Après une accalmie de près de deux ans, le retour des festivals a été marqué par une volonté de faire mieux pour le bien-être, la sécurité et le futur de tous. Illustration de ces engagements environnementaux, féministes et inclusifs renforcés lors de la 20ème édition des Nuits Secrètes, à Aulnoye-Aymeries dans le Nord.
Le soleil est encore au zénith lorsqu'au troisième et dernier jour des Nuits Secrètes, des concerts résonnent déjà sur le site d'Aulnoye-Aymeries, dans le Nord. 16h30. Il est justement l’heure pour Les Catherinettes d’enfiler leur chasuble violette - couleur historique du féminisme - et de se mêler à la foule grandissante. "Bonjour, enchanté ! Vous savez qui on est ?", s’enquiert Juliette* auprès d’un groupe d'amis assis à l'ombre : "On fait de la prévention sur les violences pendant le festoche, histoire que chacun se sente bien.
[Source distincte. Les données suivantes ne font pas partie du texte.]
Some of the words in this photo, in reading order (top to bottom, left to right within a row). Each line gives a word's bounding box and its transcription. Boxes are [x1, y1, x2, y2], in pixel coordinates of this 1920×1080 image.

Si vous êtes victime ou témoin d’une situation dérangeante, n’hésitez pas à venir vers nous !", dit-elle, un grand sourire aux lèvres.
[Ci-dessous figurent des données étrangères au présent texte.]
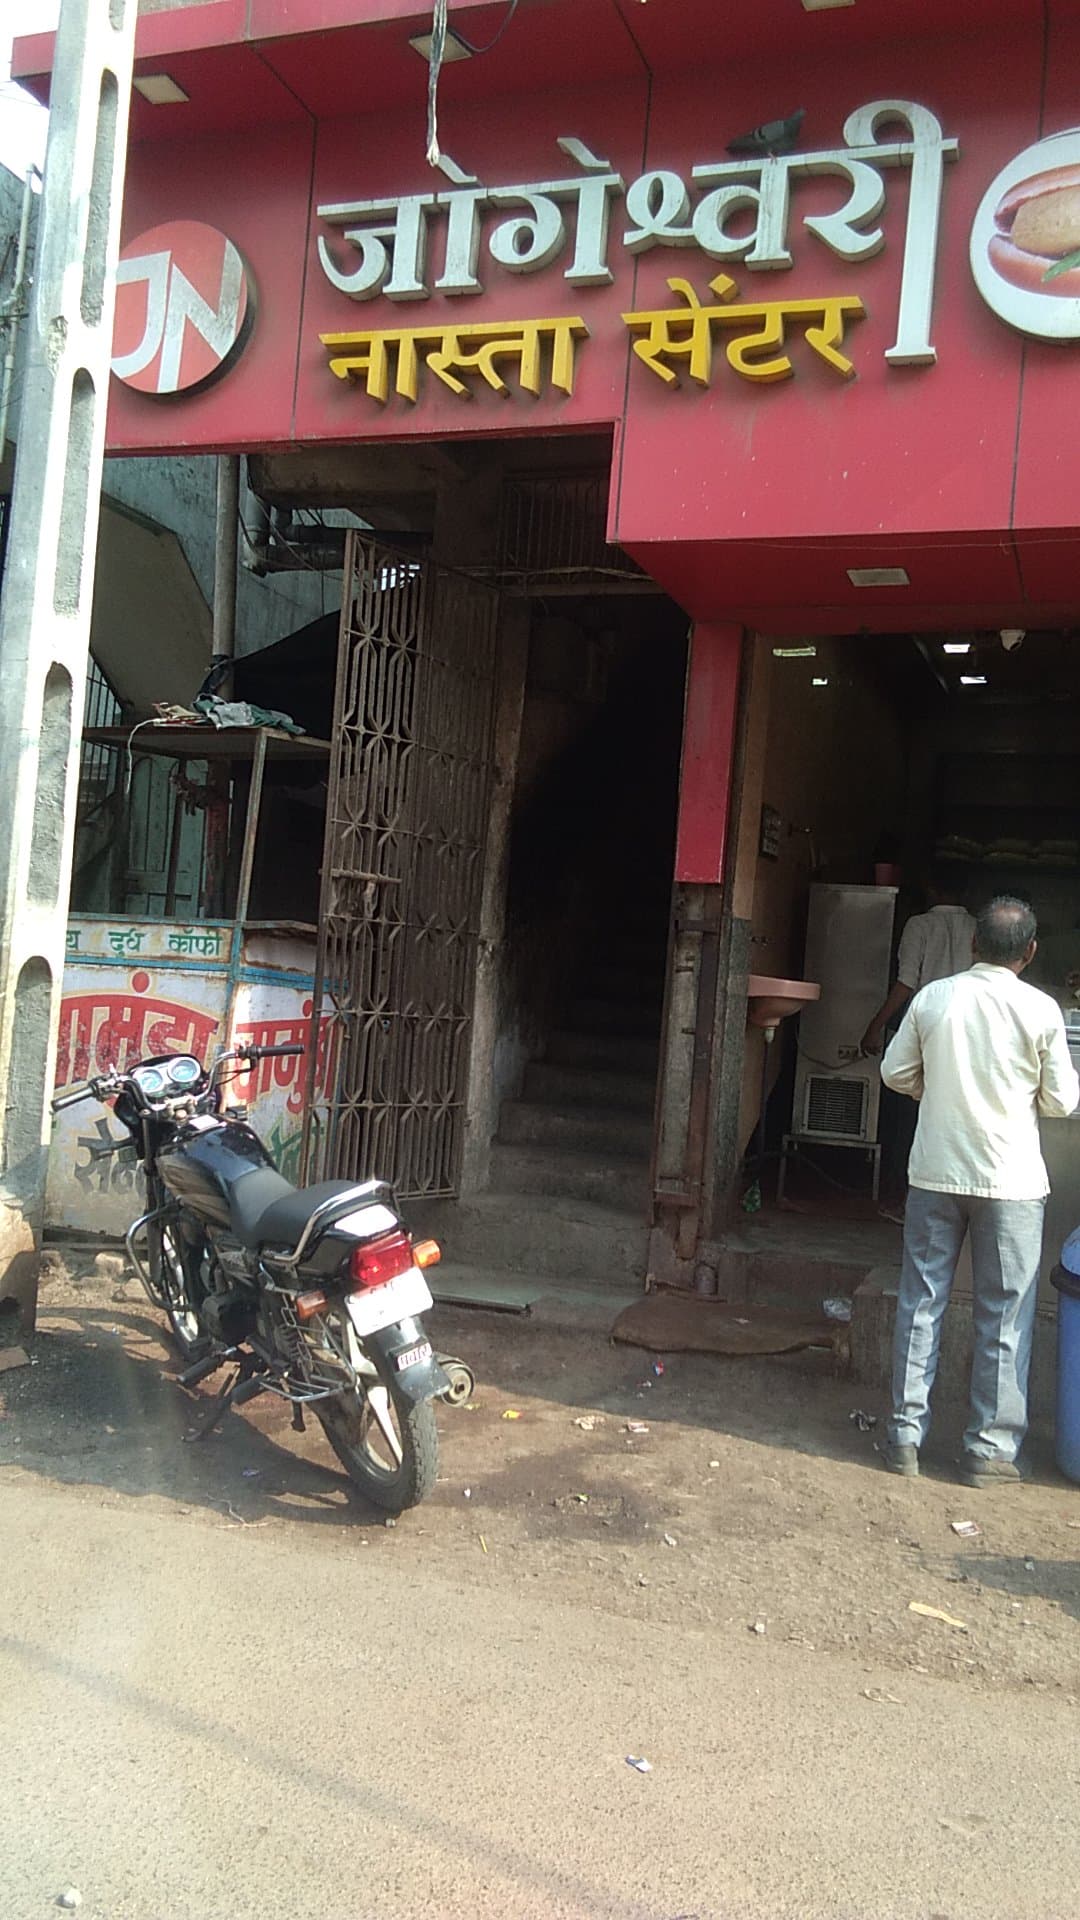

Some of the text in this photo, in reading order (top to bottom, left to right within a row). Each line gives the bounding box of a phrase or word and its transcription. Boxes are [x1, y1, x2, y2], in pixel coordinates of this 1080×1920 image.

[316, 99, 959, 366] जोगेश्वरी
[318, 273, 868, 404] नास्ता सेंटर
Co-fondatrice de l’association nantaise Les Catherinettes, qui accompagne depuis 2020 les structures culturelles dans la prévention des violences sexistes et sexuelles, Juliette a participé à la formation des bénévoles mobilisés pour la première fois aux Nuits Secrètes, du 22 au 24 juillet dernier. La priorité affichée du festival pour cette 20ème édition ? La prévention à tous les niveaux, notamment pour veiller au bien-être et à la sécurité des 55 000 festivaliers venus chanter et danser sur Orelsan, PNL, Ascendant Vierge ou encore Charlotte de Witte.
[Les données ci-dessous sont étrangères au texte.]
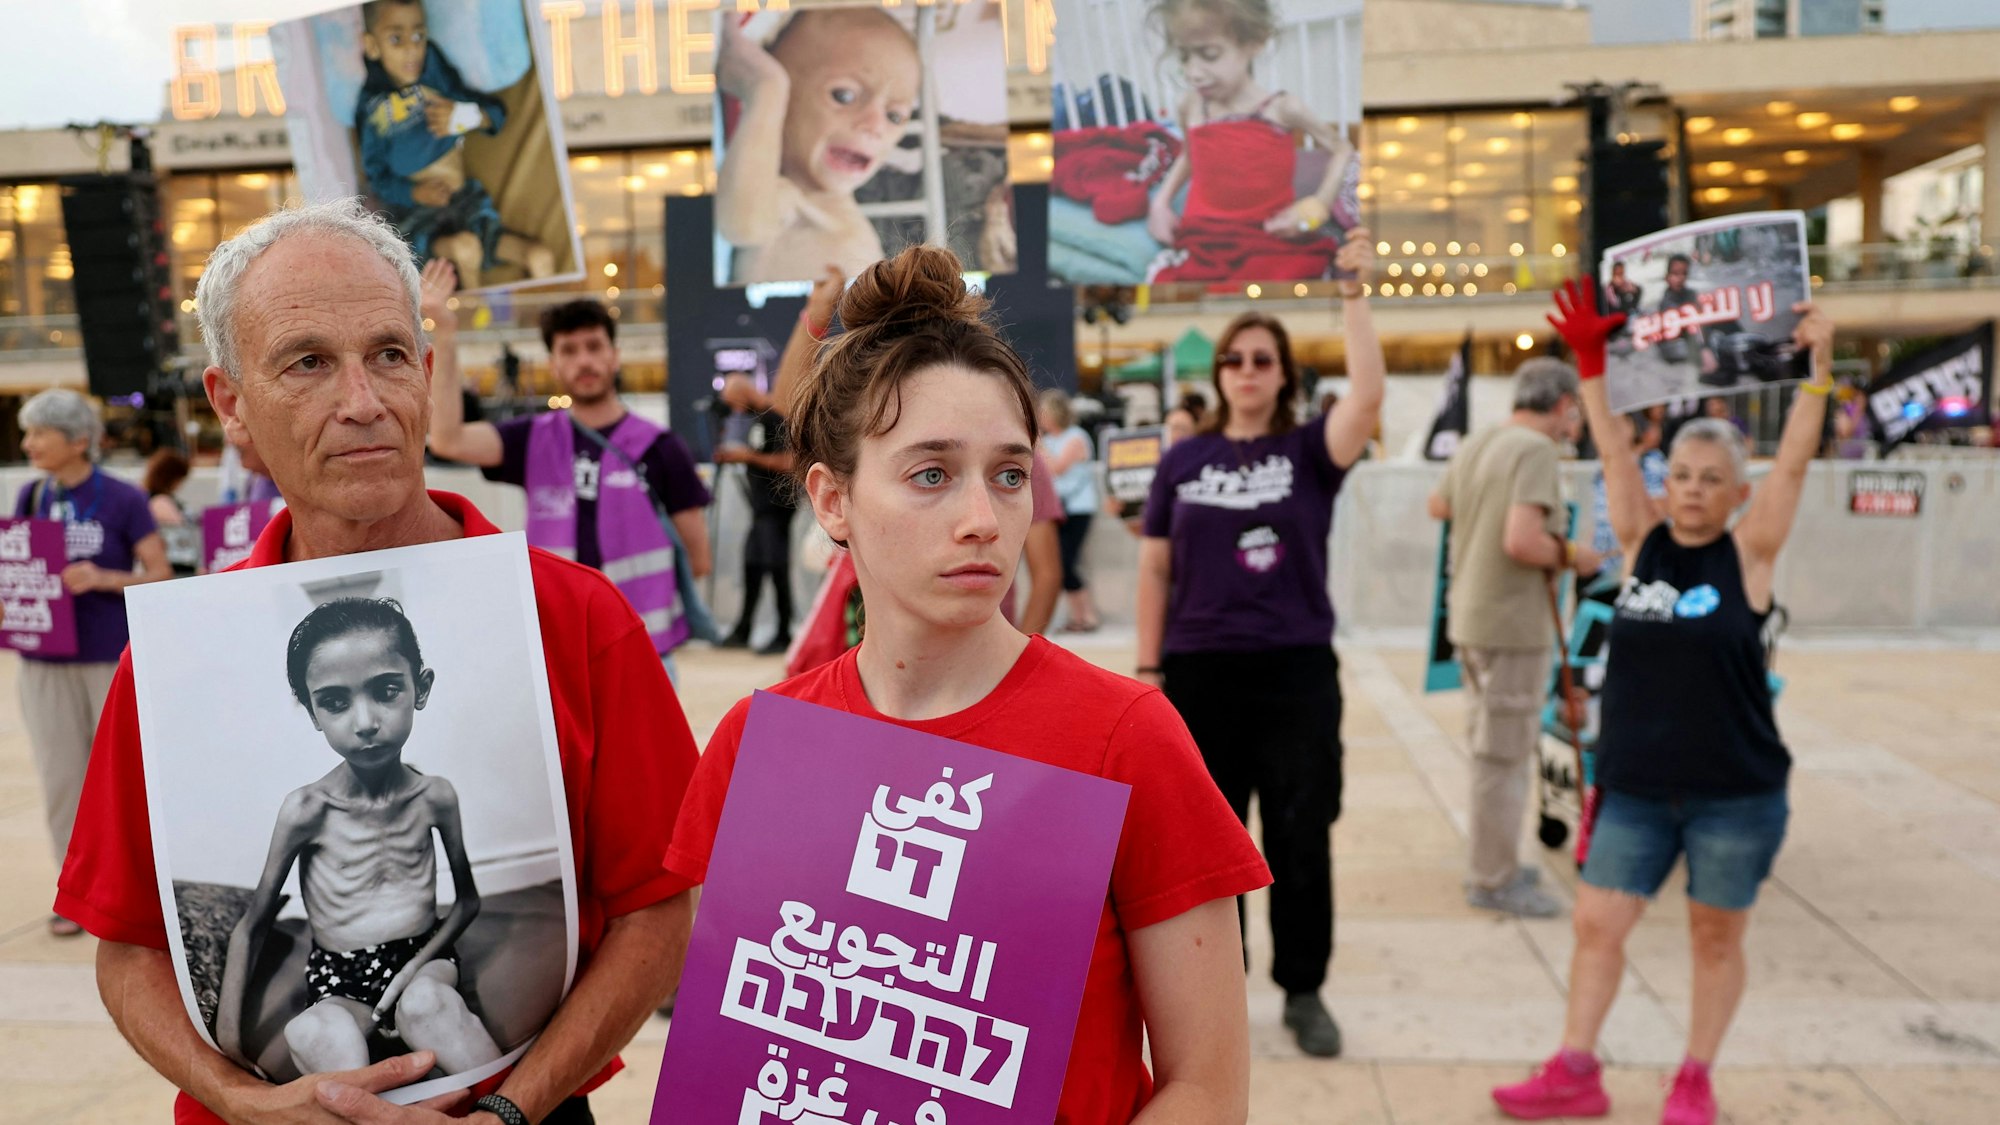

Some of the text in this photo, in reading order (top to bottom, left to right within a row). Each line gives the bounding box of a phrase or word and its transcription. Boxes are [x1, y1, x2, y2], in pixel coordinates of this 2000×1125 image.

[1631, 280, 1775, 351] لا للتجويع
[871, 766, 994, 831] كفى
[873, 832, 944, 899] די
[769, 900, 998, 1003] التجويع
[737, 957, 1014, 1087] להרעבה
[756, 1043, 849, 1121] غزة
Car après deux éditions bousculées par le Covid, l'association organisatrice Les Nuits Secrètes entend s'engager encore davantage. "C’est grâce à cette année blanche que nous avons pris le temps de nous poser et de structurer notre démarche", raconte Marion Toche, coordinatrice démarche écoresponsable de l'événement. "Ça fait partie de notre ADN de mener des actions qui ont un impact sociétal et environnemental", ajoute-t-elle. Par exemple, une cagnotte solidaire permet chaque année à 100 personnes d'assister gratuitement au festival, un dispositif d'accessibilité pour les personnes en situation de handicap est déployé et les fournisseurs locaux sont privilégiés.
Focus sur les violences sexistes et sexuelles
Cette année, Marion Toche, qui travaille depuis six ans pour le festival en tant qu'indépendante, note toutefois que "la question des violences sexistes et sexuelles est abordée de manière plus conséquente et frontale". L'objectif étant de "prévenir et d'agir" pour proposer une fête "safe" et responsable. C’est dans cette optique qu’une vingtaine de bénévoles, chapeautés par des membres des Catherinettes, se sont relayés par petits groupes durant le week-end.
Leur rôle ? Être vus et identifiés par le public pour être sollicités et réactifs en cas de besoin, mais aussi faire connaître les divers dispositifs mis en place. Lors de la maraude, Juliette, Manon et Pascaline distribuent en effet des flyers pour l’application "Safer", déployée pendant le festival. Victime ou témoin, toute personne qui se sent gênée, harcelée ou en danger peut lancer une alerte et demander de l’aide. "Les festivaliers nous disent merci et nous félicitent, on sent une envie de la part des publics", se réjouit Juliette, coordinatrice de cette présence bienveillante et constante qui a su rassurer le public.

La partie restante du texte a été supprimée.